Improved vaccine manufacture to control foot-and-mouth disease: Production of recombinant vaccines by design

Lead Research Organisation: The Pirbright Institute
Department Name: Picornavirus Molecular Biology

Abstract

One of our biggest challenges will be to meet a growing demand for food especially in the developing world. Animal diseases have a significant impact on the productivity of the livestock industry and safeguarding animal welfare will be a major part of maximising food production. Foot-and-mouth disease (FMD) is endemic in many regions of the world and affects huge numbers of animals, both wild animals and livestock (e.g. cattle, sheep, goats, pigs) and is greatly feared due to the enormous economic losses associated with outbreaks. Thus improved control of FMD could sustainably improve the performance of livestock industries and have enormous economic and social value worldwide especially in developing regions where livestock are seen as a means to raise millions from poverty. In FMD-free regions, such as UK, the costs of FMD primarily result from the need to maintain a disease free status. However, FMD-free countries can face enormous losses as the result of periodic incursions and the estimated cost of the 2001 UK outbreak was £8-10Bn. Future incursions into the UK will undoubtedly occur with the potential to inflict substantial economic losses. Vaccination remains the most effective approach for controlling viral diseases and an estimated 2.35 billion doses of FMD vaccine are administered annually. Currently vaccination-led eradication campaigns are ongoing in India, South-East Asia and South America.
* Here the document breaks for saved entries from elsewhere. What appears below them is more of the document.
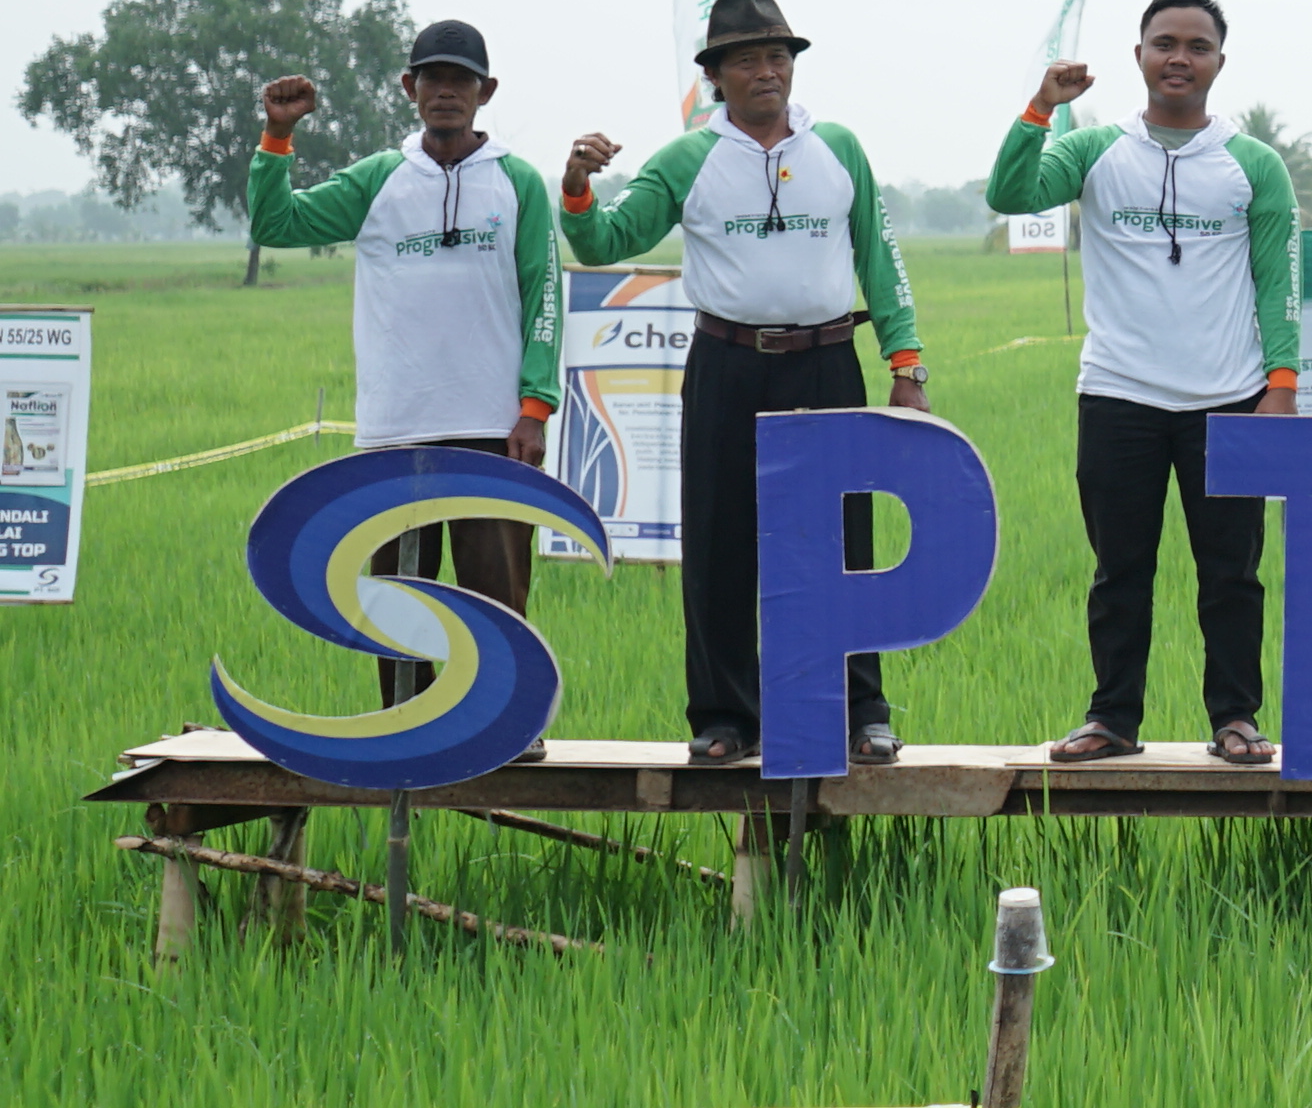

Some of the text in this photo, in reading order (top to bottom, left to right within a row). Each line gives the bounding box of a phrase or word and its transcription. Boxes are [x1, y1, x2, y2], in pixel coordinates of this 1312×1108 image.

[724, 218, 828, 239] Progssive
[1112, 211, 1223, 232] Progressive
[396, 231, 496, 256] Progrsive
[7, 328, 43, 345] 55/25
[47, 329, 72, 346] WG
[625, 323, 694, 349] che
[11, 543, 46, 558] TOP
Two major constraints on FMD vaccination are (i) production capacity and (ii) the need to produce new vaccines from field isolates.

Production capacity: FMD vaccines are chemically-inactivated virus preparations produced in cell-culture and the highly contagious nature of FMD requires they are produced in expensive, high-containment facilities. Thus measure that improve vaccine yield from existing production facilities could have an enormous impact by increasing the amount of vaccine available globally for FMD control.

New vaccines: FMD is caused by FMD virus (MDV). A major problem for FMD control is the existence of seven FMDV serotypes, each formed by multiple and constantly evolving virus subtypes. Importantly, vaccination against one serotype does not protect against the others. Further, it is essential that within a serotype the vaccine offers protection against the circulating outbreak strain. This necessitates the periodic need to produce new vaccines, especially against emerging strains for which the current vaccines are a poor match. Vaccine production uses established cell lines (such as BHK cells) that are not normally targeted by FMDV. Thus, the production of new vaccines is critically dependent upon adaptation of a field virus for growth in cell-culture which can prove time consuming or impossible for some field viruses.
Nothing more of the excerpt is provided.